The conclusions of the study

The main conclusion of the researchers is that the net loss of Antarctic ice due to the calving of pieces of coastal glaciers into the ocean it’s almost as large as the net amount of ice that scientists already knew was being lost due to thinning caused by melting ice shelves from below by warming seas.

Chad Greene, lead author of the study, explained: “Antarctica is crumbling at its edges. And when the ice shelves shrink and weaken, the continent’s huge glaciers tend to accelerate and increase the rate of global sea level rise”.

Satellite image of melting glaciers in Antarctica

Together, thinning and calving have reduced the mass of Antarctica’s ice shelves by 12 billion tons since 1997, twice the previous estimate.

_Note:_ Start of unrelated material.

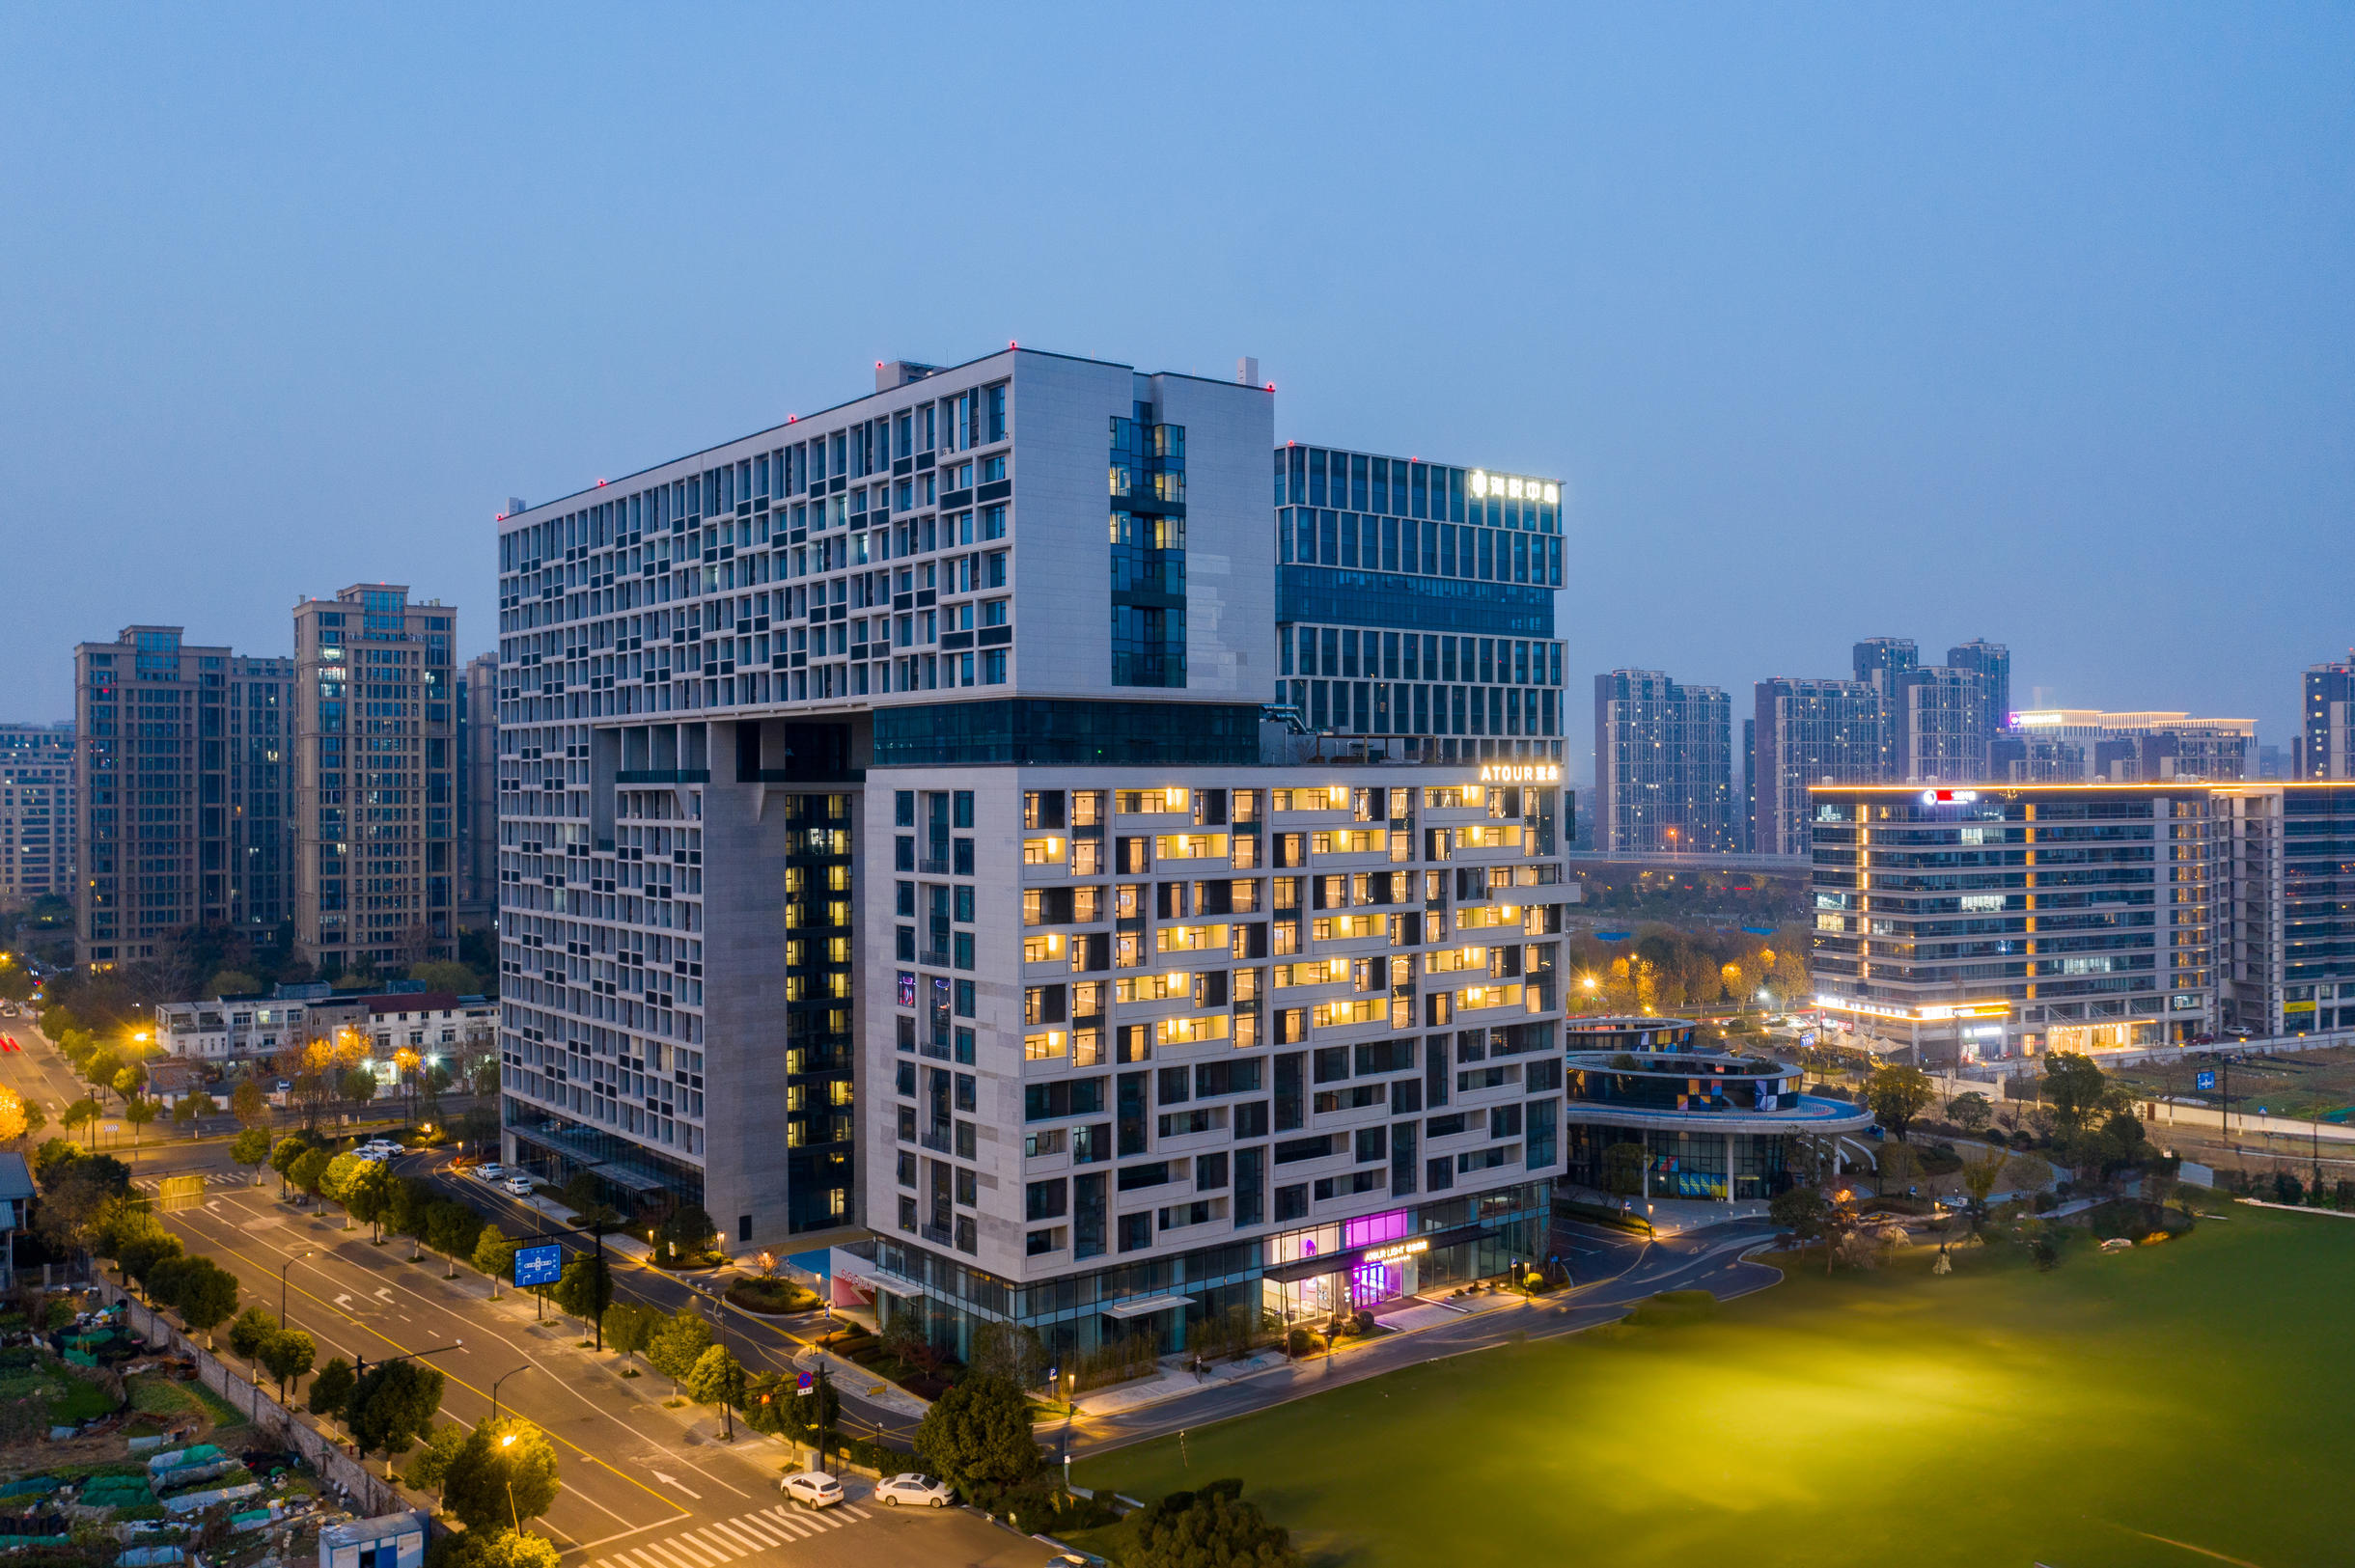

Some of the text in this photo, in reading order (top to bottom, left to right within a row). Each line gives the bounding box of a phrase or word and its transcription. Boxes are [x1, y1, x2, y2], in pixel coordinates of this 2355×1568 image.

The net loss of the continent’s ice sheet from calving alone in the last quarter century covers almost 37,000 square kilometers, an area almost the size of Switzerland, according to JPL scientist

Antarctica hosts 88 percent of the sea-level rise potential of all the world’s ice, he said, so the consequences could be huge. Ice shelves take thousands of years to form and act as buttresses holding back glaciers that would otherwise easily slide into the ocean, causing the sea to rise.